Flight attendants aren’t just keeping us all safe and passing out refreshments: They’re also often soliciting credit card applications.
If you’ve flown recently, you may have heard a special offer over the intercom system as you approached your destination: Apply for a new airline credit card on the flight, and you’ll earn an extra sign-up bonus. That kind of incentive can add pressure to travelers who are already stressed out, causing them to make poor decisions, warns consumer psychologist Kit Yarrow.
“Anything where you have a limited period of time to make a decision is putting you at risk,” says Yarrow, author of “Decoding the New Consumer Mind.” Unlike when you’re sitting at home and easily able to evaluate offers side by side, you can’t easily comparison-shop for credit cards at 30,000 feet, she adds. “When you’re considering any decision like opening a new credit card, it’s best to be as clear-minded and as analytical as possible. Neither of those things are happening when you’re on a plane.”
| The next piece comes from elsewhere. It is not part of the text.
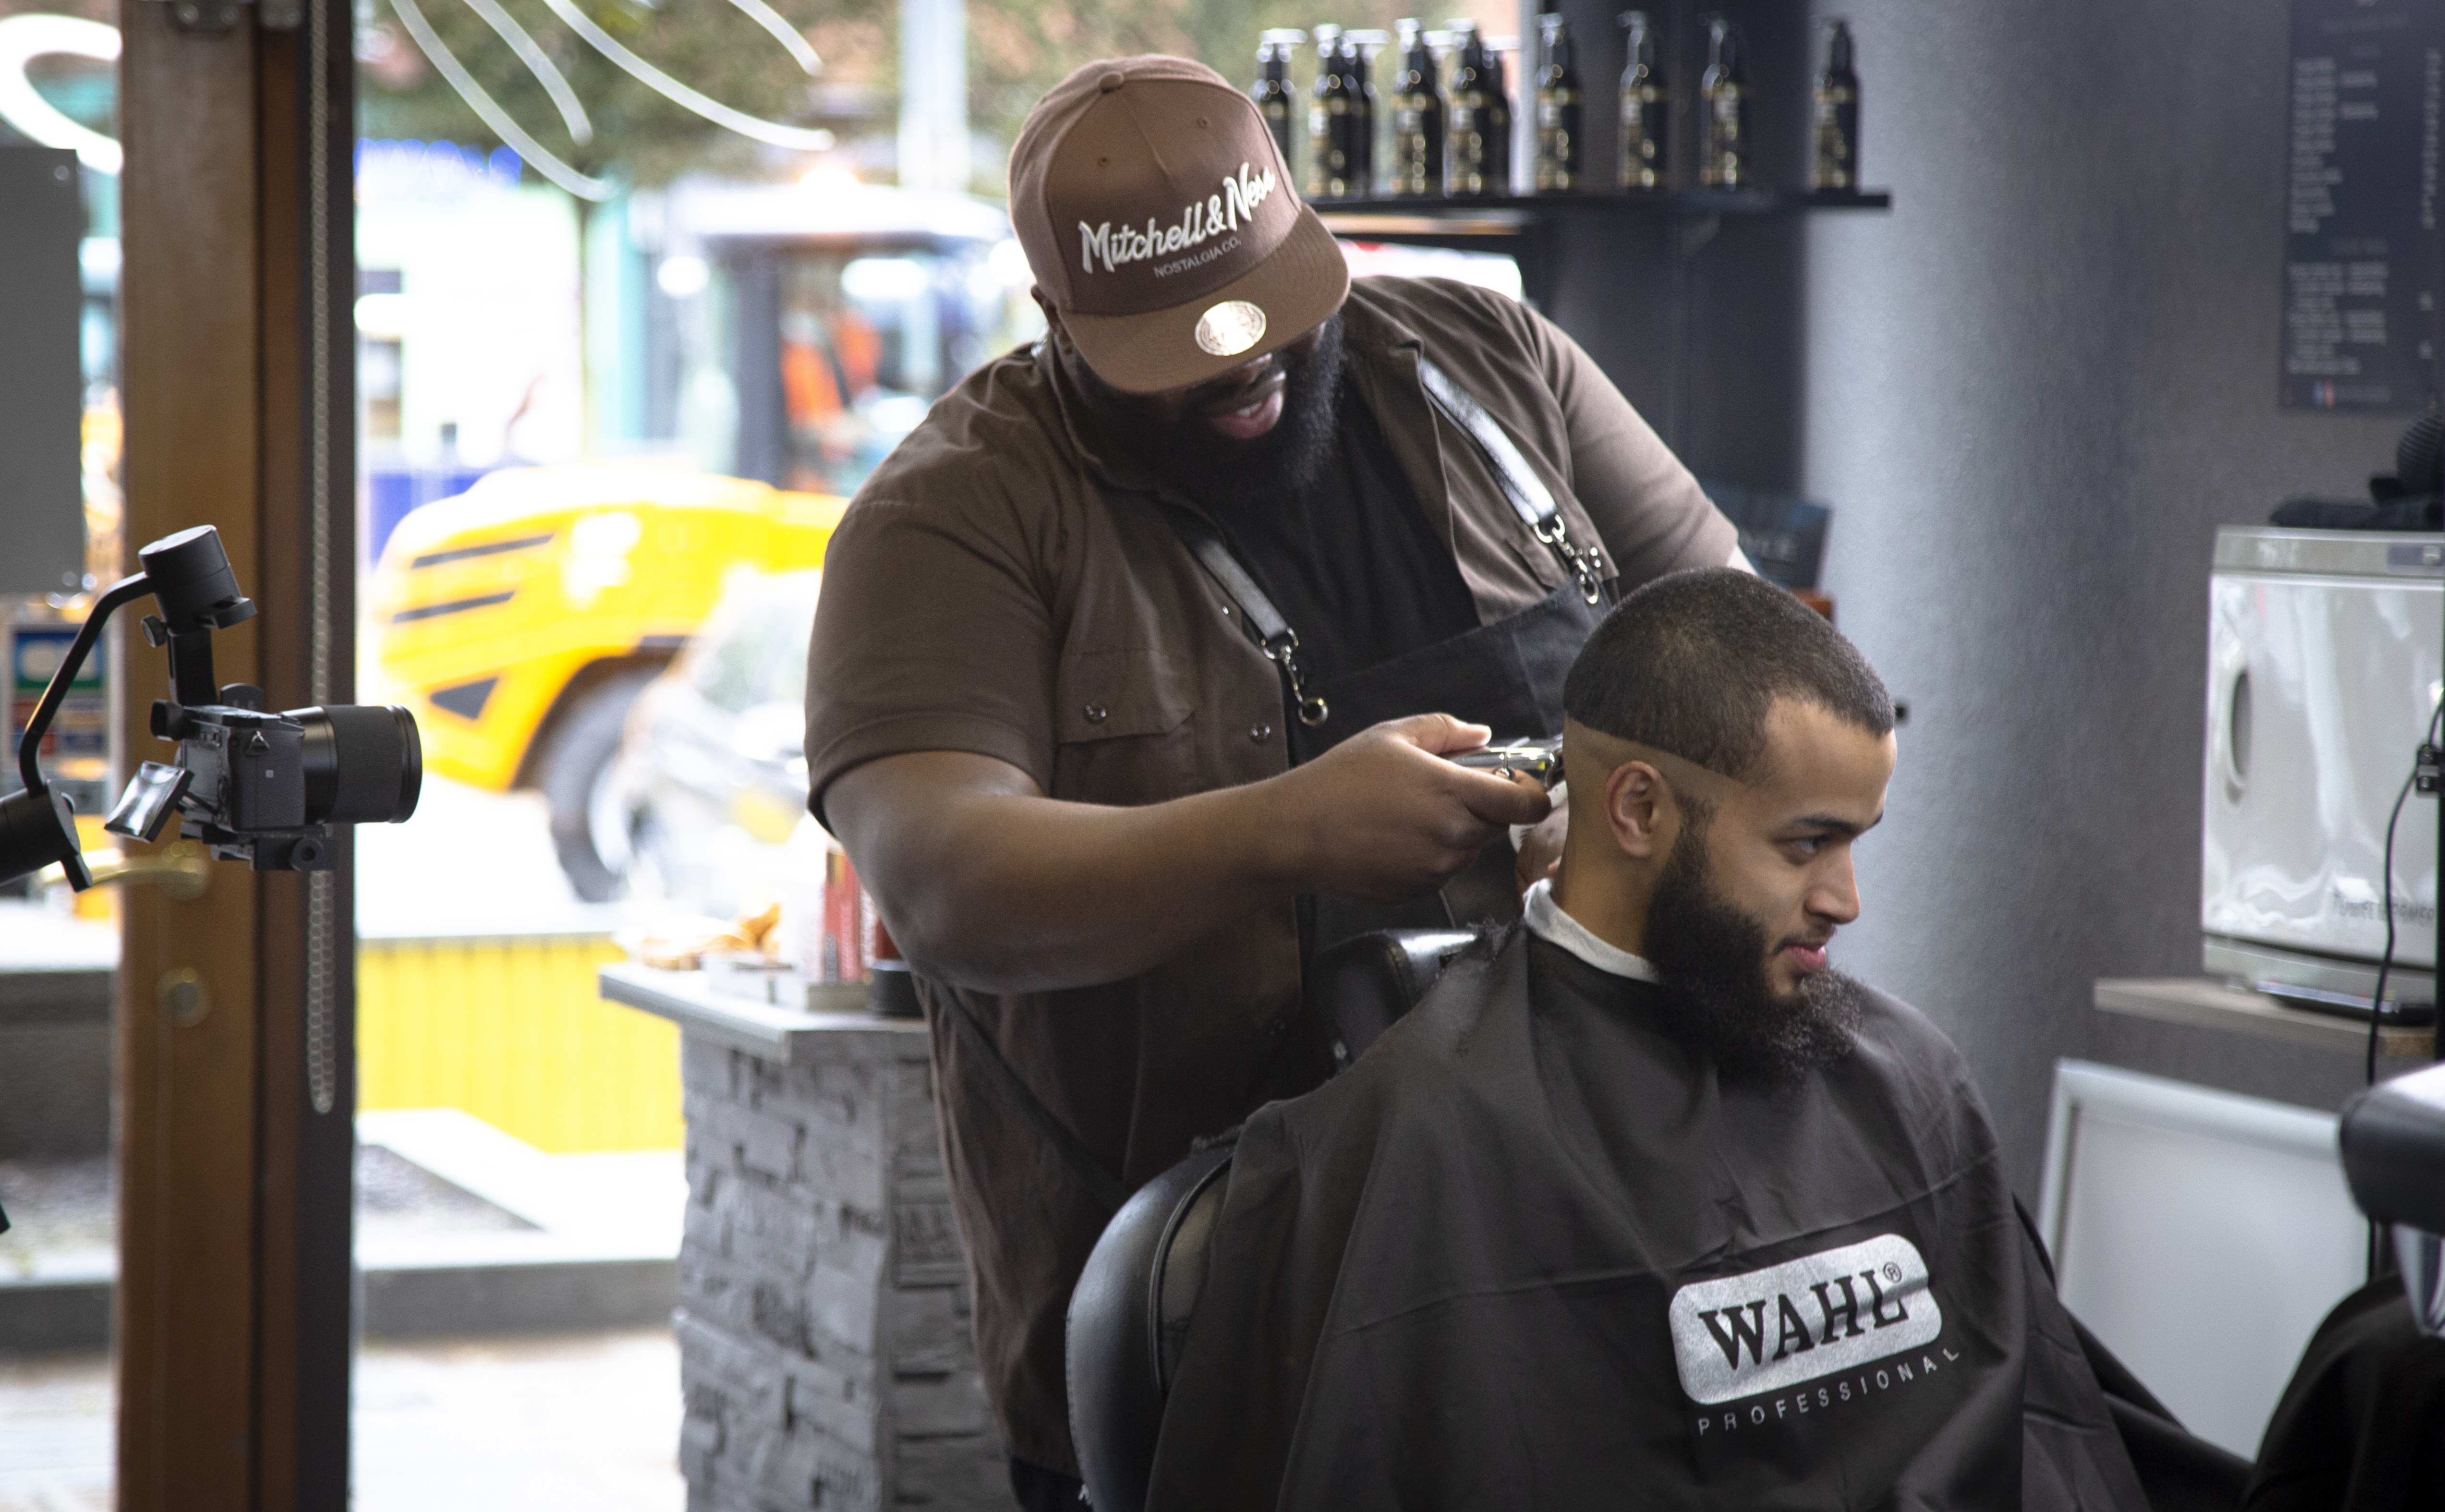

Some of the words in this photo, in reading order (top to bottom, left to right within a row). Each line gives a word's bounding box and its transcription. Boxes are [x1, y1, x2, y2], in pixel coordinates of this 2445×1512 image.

People also are likely to be tired and stressed out while traveling, Yarrow says, factors that can further contribute to poor financial decision making. “There’s anxiety about getting your bag, getting off the plane, catching your next flight, and getting to your new destination. Even if you have no fear of flying, you’re emotionally distracted,” she says.
Yarrow suggests making all of your financial decisions — including whether you’ll make food and entertainment purchases, as well as whether to apply for a credit card — before you board the plane. That way, you can research all of your choices and make the best one for you.
The one time it might make sense to submit a credit card application on a plane: If you’ve already researched offers in advance and can tell that this particular one stands out as a good choice for you.
Yarrow also suggests reading the terms and conditions carefully to determine whether you’re even eligible for the sign-up bonus, because sometimes other restrictions apply, such as if you’re already a member of a related rewards program. You might go through all the trouble of filling out an application only to find the bonus doesn’t apply to you.
“Just wait until you’re in your normal, fully oxygenated, calm state of mind to make any financial decisions,” Yarrow says.
Your in-flight quiz
So before applying for a credit card on an airplane in the hopes of snagging an extra sign-up bonus to help you afford your next dream vacation, ask yourself these three questions:
Have I researched competing credit card offers and found this one to be superior for my particular financial situation, including my spending habits?
Am I eligible for the extra sign-up bonus based on what I’ve read in the fine print?
Am I calm and relaxed enough to fill out a credit card application in-flight without feeling additional stress?
Only if the answer is “yes” to all three does it make sense to consider submitting an application during the flight.
Of course, you might hear grumbling around you: Midair credit card offers tend to incur the wrath of social media users who may not appreciate such promotions and aren’t shy about taking to Twitter to complain: “How much commission do @AmericanAir flight attendants get on each credit card signup?” asked a user with the handle @Beaker on Dec. 14. “Asking for the entire annoyed LATE flight,” he continued. (The American Airlines Twitter account responded with an apology, adding, “We want to make sure everyone has the opportunity to benefit from the great offers.”)
Disgruntled passengers aside, the bottom line is that most financial decisions are best made when you have two feet on solid ground, your computer and WiFi are at your fingertips to conduct the necessary comparisons, and you aren’t worried about missing your next connection. While in the air, stick with simpler choices, like which movie to watch.